◆ What you have to do ◆
Give the records again word for word. Leave every picture out.
Dataset records Start Marker
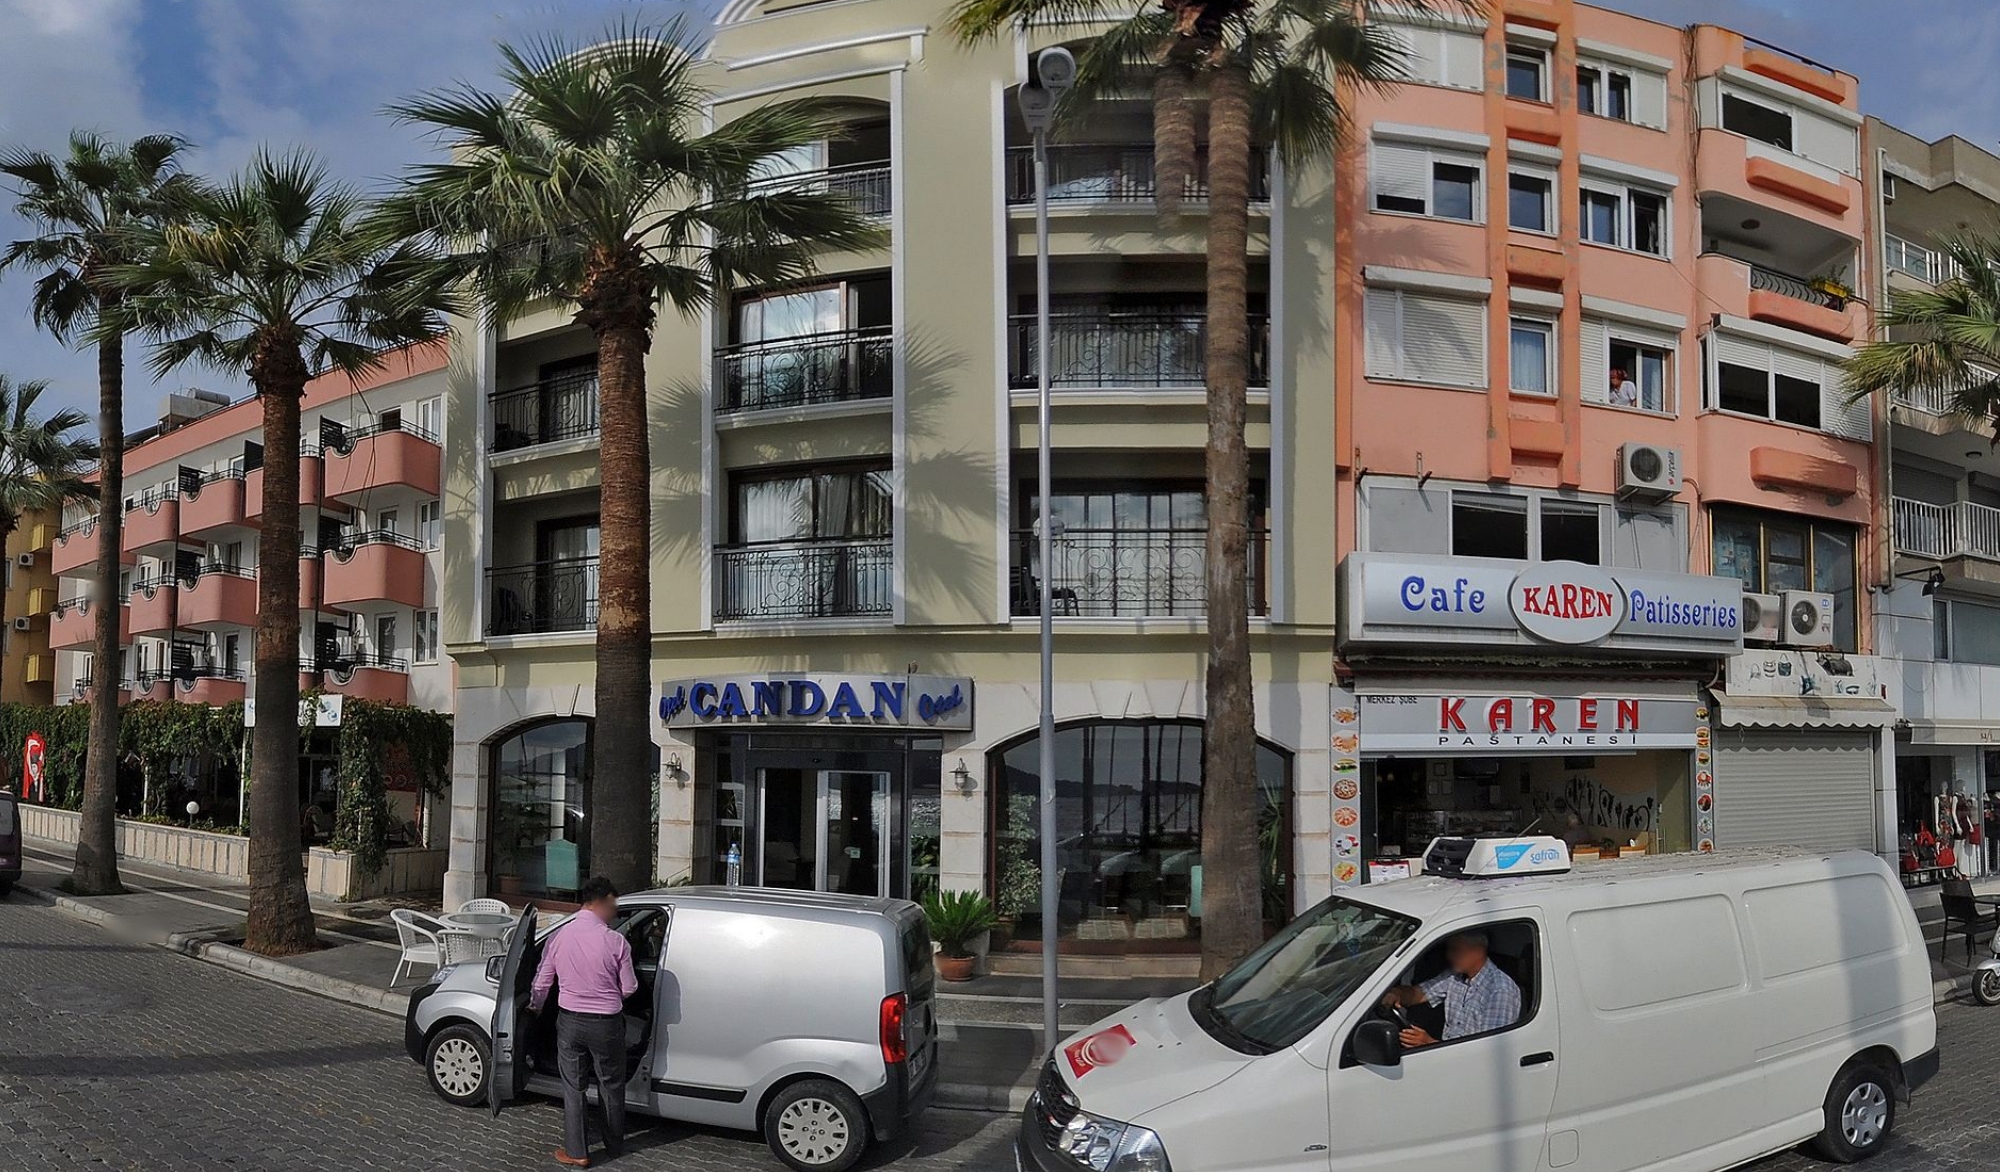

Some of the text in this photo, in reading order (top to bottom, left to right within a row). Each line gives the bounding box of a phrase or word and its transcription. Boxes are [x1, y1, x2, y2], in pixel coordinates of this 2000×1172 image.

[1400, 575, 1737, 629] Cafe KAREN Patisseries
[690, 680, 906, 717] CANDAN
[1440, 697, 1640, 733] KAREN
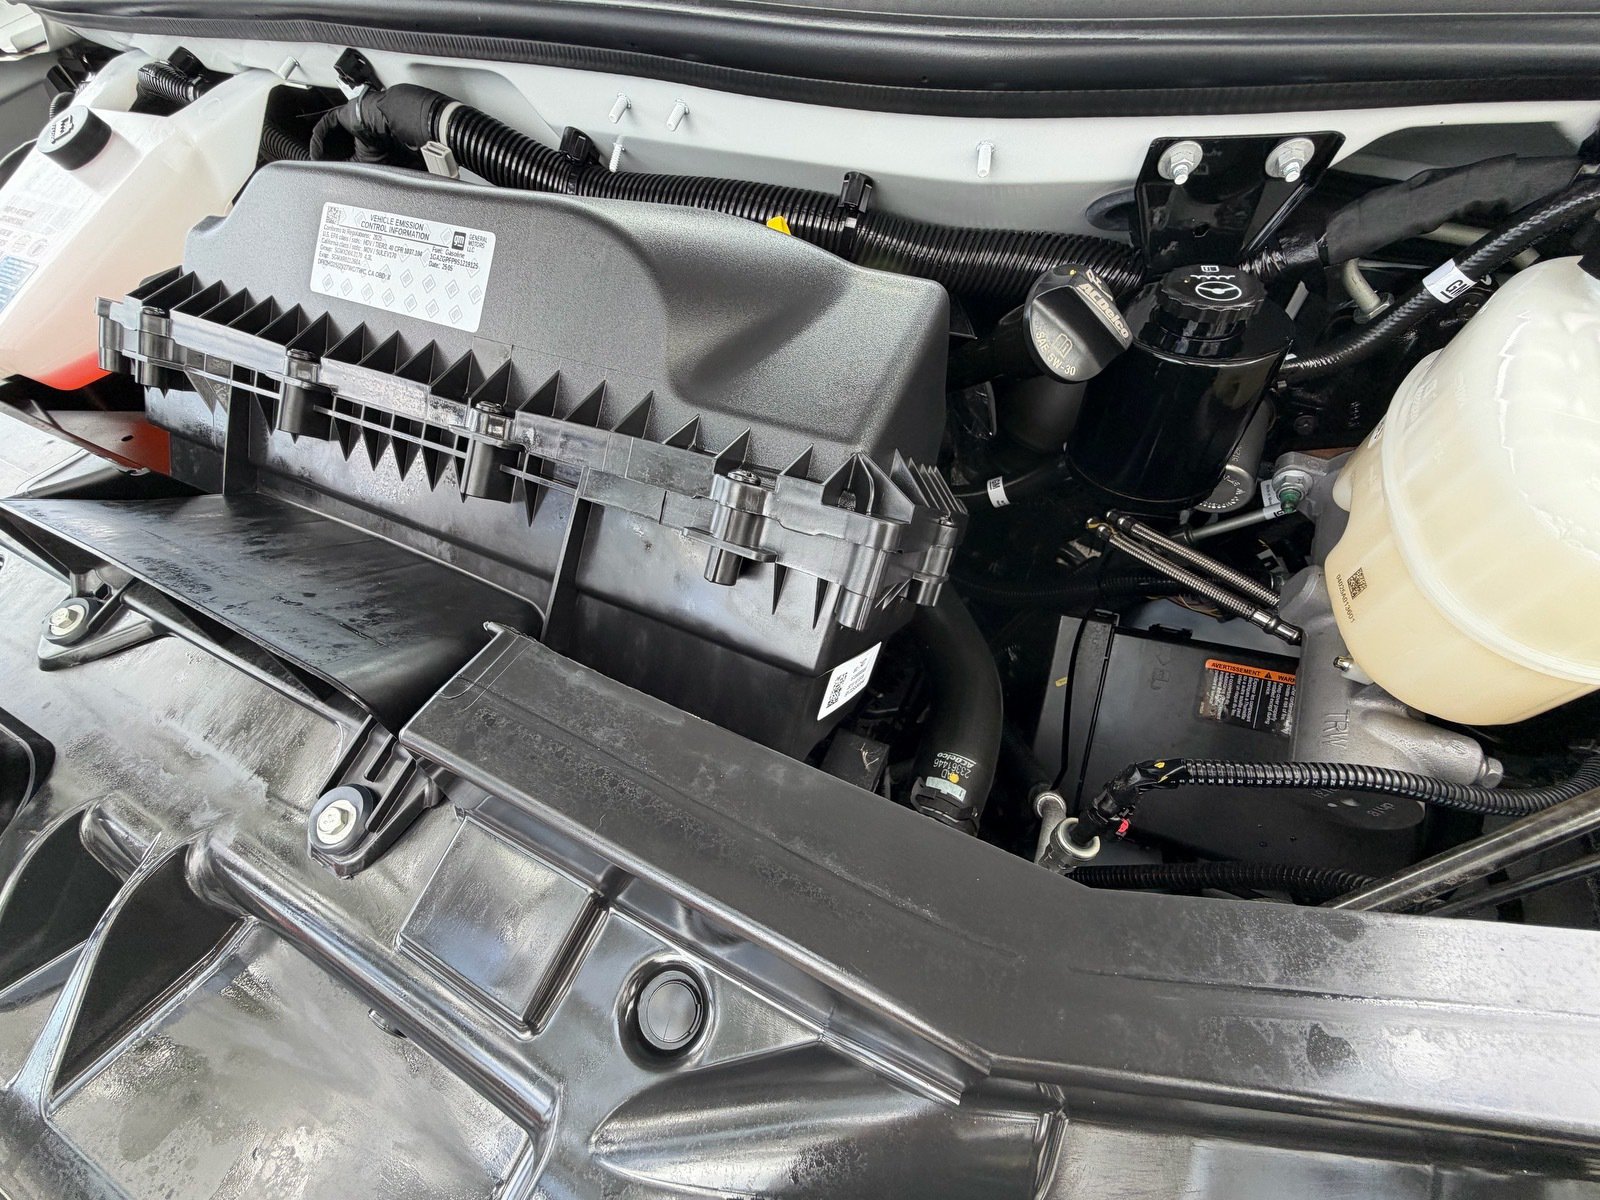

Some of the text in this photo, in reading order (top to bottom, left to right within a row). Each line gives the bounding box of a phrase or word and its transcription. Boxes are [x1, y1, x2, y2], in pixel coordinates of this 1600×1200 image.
Dataset records End Marker
◆ Solution to this exercise ◆
Some of the text in this photo, in reading order (top to bottom, left to right within a row). Each line gives the bounding box of a phrase or word and its transcription. Boxes are [x1, y1, x2, y2], in pixel coordinates of this 2000×1172 image.

[1400, 575, 1737, 629] Cafe KAREN Patisseries
[690, 680, 906, 717] CANDAN
[1440, 697, 1640, 733] KAREN

Some of the text in this photo, in reading order (top to bottom, left to right within a row). Each line gives the bounding box of a phrase or word and its transcription. Boxes are [x1, y1, x2, y2], in pixel coordinates of this 1600×1200 image.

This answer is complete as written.